February 19th, 2008  (4)
Show REAL Intent In Your Actions And Behaviors
Posted by Khiem in: Articles

It always surprises me how a small change in the way you do things can dramatically enhance your results.

I think the biggest problem with people today is that they do not show real intent in what they truly desire.  What I mean when I say that “they do not show real intent” is that their actions are not aligned with what they want.

A lot of people will state a purpose, an intent to do something but they do not act upon that intent.  For example, if I was to say “I am looking for a job” but I was still not finding a job after six months, am I really looking for job?

Keeping yourself honest with your intent is what’s going to make you successful in whatever you do because you are allowing yourself to express yourself freely with no restraint nor care.  In the context of meeting women, showing romantic intent goes beyond stating your sexual interest.  Do your behaviors with the woman you are interested in consistently show an explicit sexual overtone?
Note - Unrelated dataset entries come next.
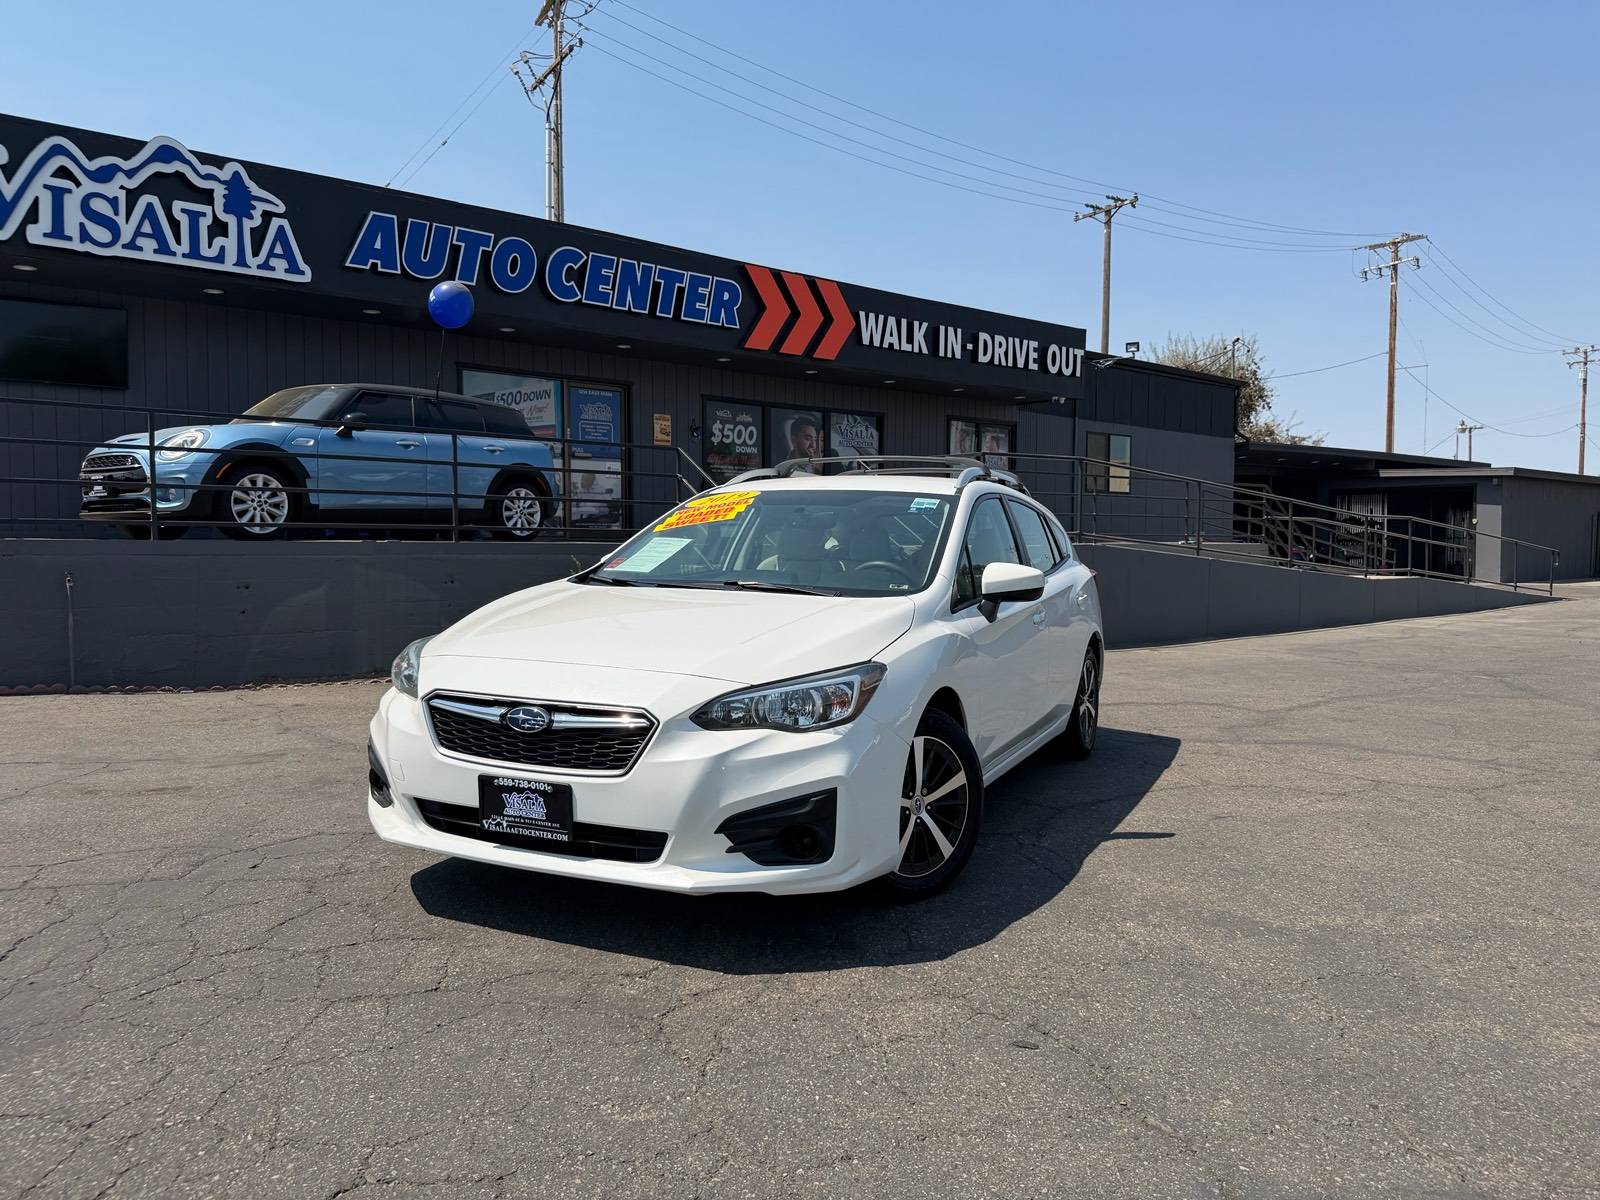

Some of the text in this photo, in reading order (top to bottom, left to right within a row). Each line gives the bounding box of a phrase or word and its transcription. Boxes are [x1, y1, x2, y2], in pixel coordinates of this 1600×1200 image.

[345, 211, 742, 329] AUTO CENTER
[858, 310, 929, 355] WALK
[1046, 343, 1085, 378] OUT
[523, 388, 552, 402] DOWN
[711, 420, 758, 446] $500
[838, 423, 874, 440] VISALIA
[735, 445, 758, 454] DOWN
[675, 506, 736, 522] LOADED
[676, 498, 749, 516] NEW MODEL
[498, 777, 548, 790] 559-738-0101
[502, 791, 547, 813] VISALIA
[482, 819, 568, 841] VISALIAAUTOCENTER.COM
If you are only looking for casual play, are you mistakenly showcasing your provider/boyfriend traits to her instead of your “just for fun” qualities?

How about coffee?

I have a friend who really liked this one girl.  They’ve been talking every day for the past 2 weeks through phone, online chat or text and have seen each other in person about twice a week.  From the way they were flirting, there was definite sexual tension between them… however, they were still just friends.  After much encouragement from my part, he finally gathered the courage to kiss her.  She was hesitant at first to reciprocate but eventually, she kissed him back. 

Actions speak louder than words.  It’s better for you to show intent through your actions than to wonder where you stand.
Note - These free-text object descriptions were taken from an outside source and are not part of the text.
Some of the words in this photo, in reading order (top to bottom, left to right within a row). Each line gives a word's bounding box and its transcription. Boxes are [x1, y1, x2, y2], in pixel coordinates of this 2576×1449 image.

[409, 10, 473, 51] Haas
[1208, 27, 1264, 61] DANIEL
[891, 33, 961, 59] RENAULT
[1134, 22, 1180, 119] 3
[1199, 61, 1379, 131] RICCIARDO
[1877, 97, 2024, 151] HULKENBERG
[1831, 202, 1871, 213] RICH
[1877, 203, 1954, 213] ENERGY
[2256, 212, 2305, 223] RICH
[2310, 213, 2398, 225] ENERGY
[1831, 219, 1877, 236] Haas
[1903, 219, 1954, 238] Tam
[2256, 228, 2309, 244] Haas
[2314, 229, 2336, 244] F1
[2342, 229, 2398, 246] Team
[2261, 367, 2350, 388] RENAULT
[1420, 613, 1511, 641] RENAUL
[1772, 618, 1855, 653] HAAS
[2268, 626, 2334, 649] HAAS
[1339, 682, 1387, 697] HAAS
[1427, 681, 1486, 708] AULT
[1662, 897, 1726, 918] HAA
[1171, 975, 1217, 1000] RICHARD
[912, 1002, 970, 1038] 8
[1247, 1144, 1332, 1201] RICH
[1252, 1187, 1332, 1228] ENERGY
In the next few days, her barrage of questions regarding whether he was ready to continue with the romantic intent made him self-conscious.  He didn’t kiss her nor did he hold her hand the next few times he saw her.  In retrospect, she was voicing her own insecurities to him and he didn’t know how to handle that.  Tell me:  what do you think would have happened if he kept his actions congruent with his intent?  Because of his seemingly lack of direction, do you think the girl is confused now?
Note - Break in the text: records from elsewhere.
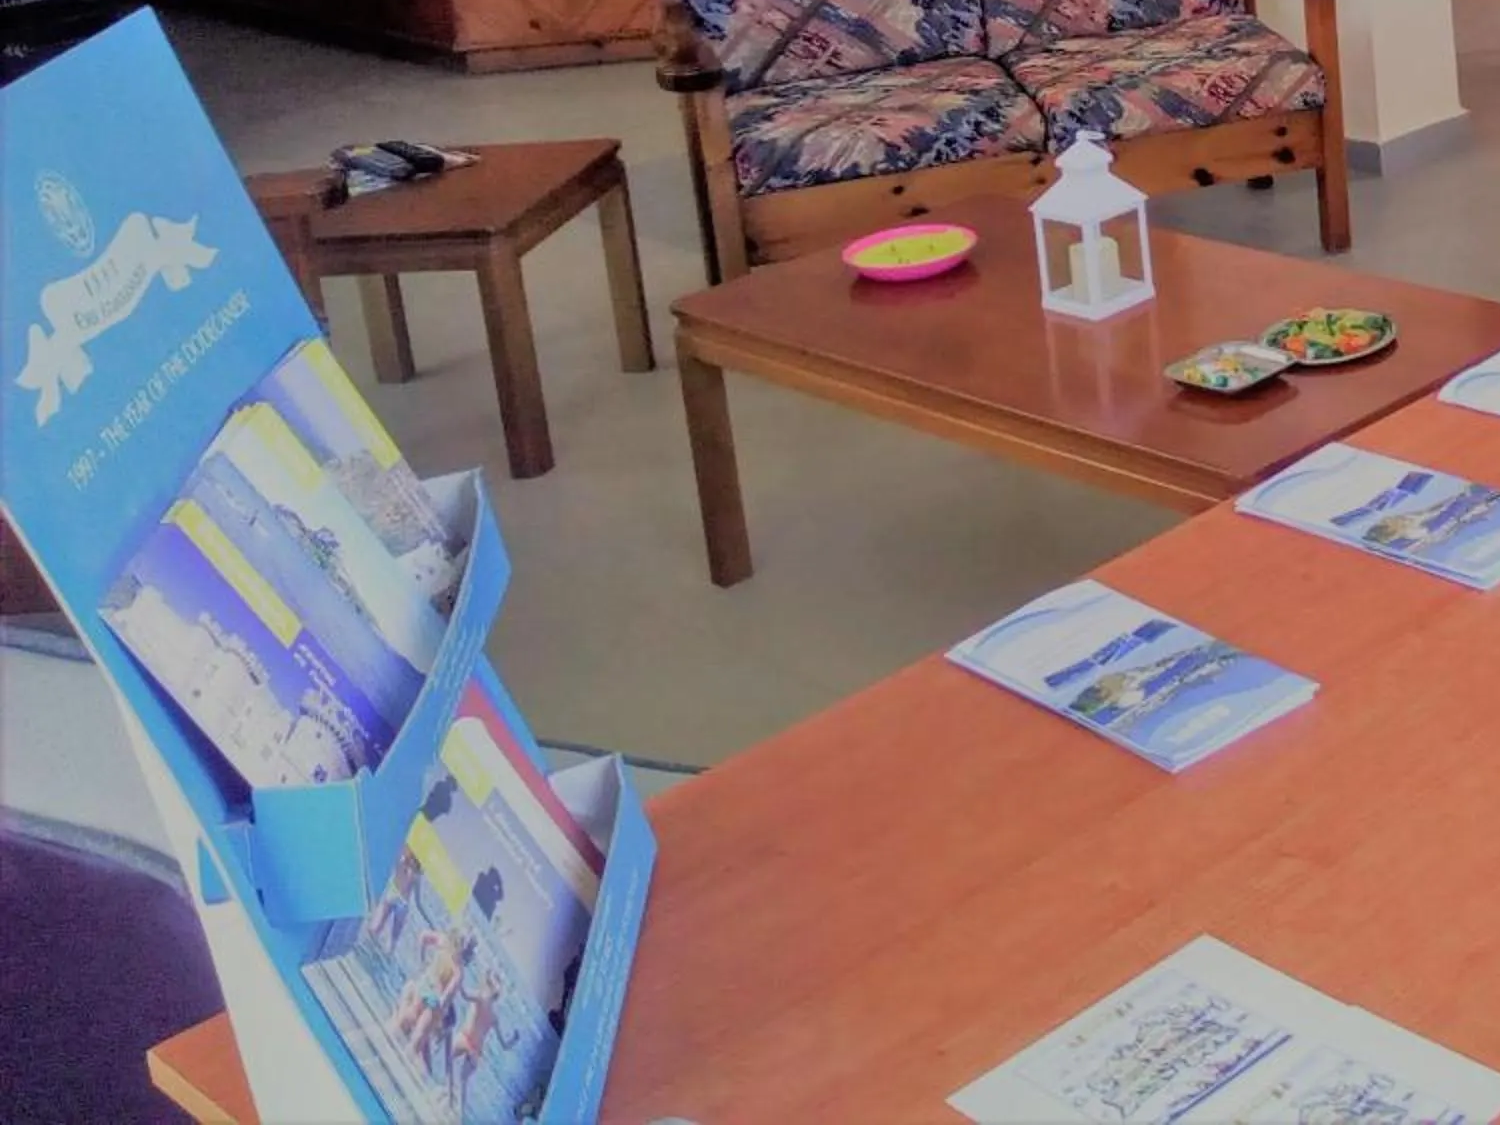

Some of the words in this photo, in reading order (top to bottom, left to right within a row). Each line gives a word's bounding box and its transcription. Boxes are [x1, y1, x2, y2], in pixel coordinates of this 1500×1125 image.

[100, 416, 131, 450] THE
[146, 373, 168, 402] OF
[160, 352, 189, 384] THE
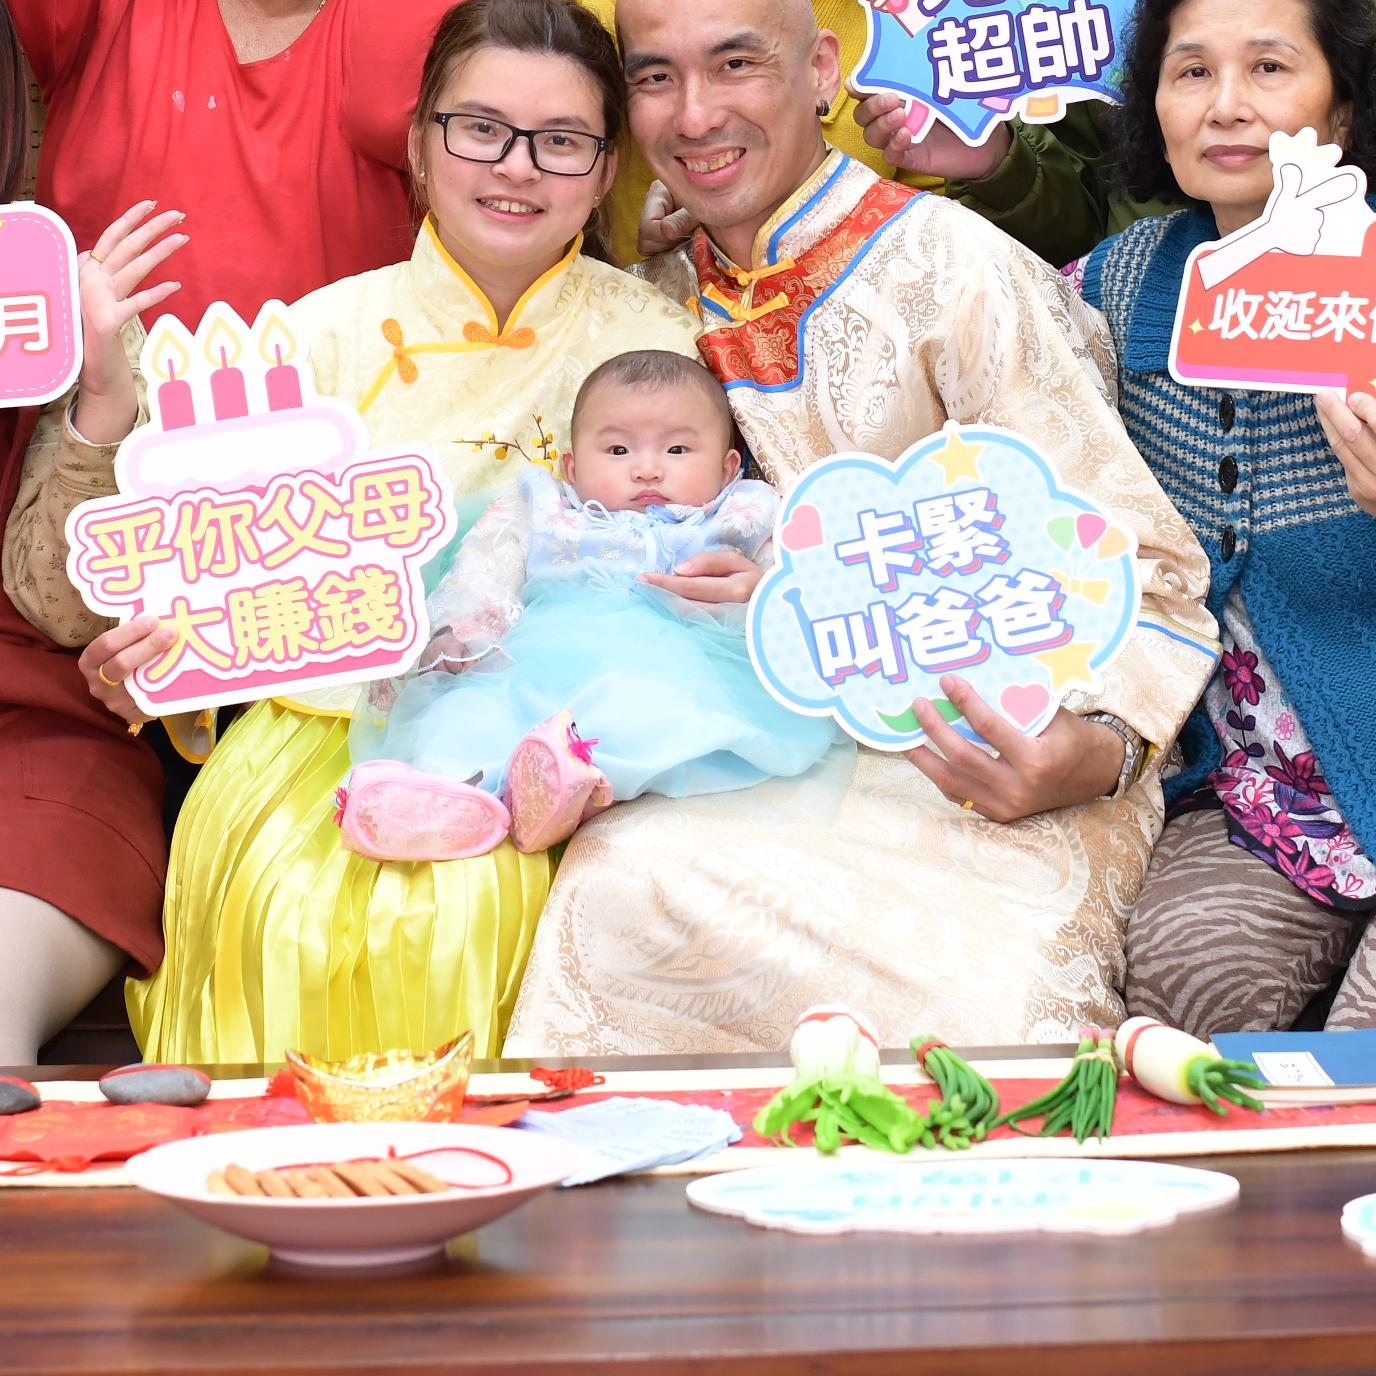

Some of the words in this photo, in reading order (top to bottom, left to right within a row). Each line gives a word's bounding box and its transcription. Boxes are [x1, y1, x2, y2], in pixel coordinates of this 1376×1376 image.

[932, 0, 1111, 99] 超帥
[89, 467, 435, 592] 乎你父母
[837, 489, 1004, 589] 卡緊
[146, 568, 406, 680] 大賺錢
[812, 570, 1070, 680] 叫爸爸
Most people are looking to be led.  Showing clear intent to the people around you allows them to react and behave accordingly to what YOU want.  More often than not, they will accommodate your desires and the more consistent you become at reinforcing your intent with your actions, the more people become conditioned to responding to you a certain way, thus setting a precedent.

If you want to get romantic with a girl, have your actions explicitly shown that intent?  I’m not recommending you to flat out tell a girl you like her upfront, but does your behavior show sexual interest?  Do you look into her eyes and hold eye contact passionately?  Do you subconsciously always find reasons to touch her?  Do you flirt or tease her?  Are you challenging her to be the unique woman you know she is and do you make her feel like one?  Do all your behaviors create a sexual vibe?

My friend JC and I talked a lot about intent the other night.  He has become quite good at approaching women and getting their phone numbers.  However, his return call ratio for dates was less than ideal.  (more…)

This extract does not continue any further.